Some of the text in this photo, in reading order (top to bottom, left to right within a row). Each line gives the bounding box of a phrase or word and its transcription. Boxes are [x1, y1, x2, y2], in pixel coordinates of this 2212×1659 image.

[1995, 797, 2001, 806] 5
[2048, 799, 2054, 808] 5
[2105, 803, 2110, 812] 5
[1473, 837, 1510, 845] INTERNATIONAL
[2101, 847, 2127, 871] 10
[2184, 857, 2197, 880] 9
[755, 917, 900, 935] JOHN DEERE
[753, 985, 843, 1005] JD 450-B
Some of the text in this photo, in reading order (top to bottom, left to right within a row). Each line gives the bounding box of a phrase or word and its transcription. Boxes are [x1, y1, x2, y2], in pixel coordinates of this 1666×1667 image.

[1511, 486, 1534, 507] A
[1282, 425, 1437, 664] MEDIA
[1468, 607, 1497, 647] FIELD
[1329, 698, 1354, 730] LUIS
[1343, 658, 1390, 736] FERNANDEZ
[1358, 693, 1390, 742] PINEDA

*Your objective:* Repeat the listing above in full, word for word.

*Answer for the task:*
Some of the text in this photo, in reading order (top to bottom, left to right within a row). Each line gives the bounding box of a phrase or word and its transcription. Boxes are [x1, y1, x2, y2], in pixel coordinates of this 2212×1659 image.

[1995, 797, 2001, 806] 5
[2048, 799, 2054, 808] 5
[2105, 803, 2110, 812] 5
[1473, 837, 1510, 845] INTERNATIONAL
[2101, 847, 2127, 871] 10
[2184, 857, 2197, 880] 9
[755, 917, 900, 935] JOHN DEERE
[753, 985, 843, 1005] JD 450-B
Some of the text in this photo, in reading order (top to bottom, left to right within a row). Each line gives the bounding box of a phrase or word and its transcription. Boxes are [x1, y1, x2, y2], in pixel coordinates of this 1666×1667 image.

[1511, 486, 1534, 507] A
[1282, 425, 1437, 664] MEDIA
[1468, 607, 1497, 647] FIELD
[1329, 698, 1354, 730] LUIS
[1343, 658, 1390, 736] FERNANDEZ
[1358, 693, 1390, 742] PINEDA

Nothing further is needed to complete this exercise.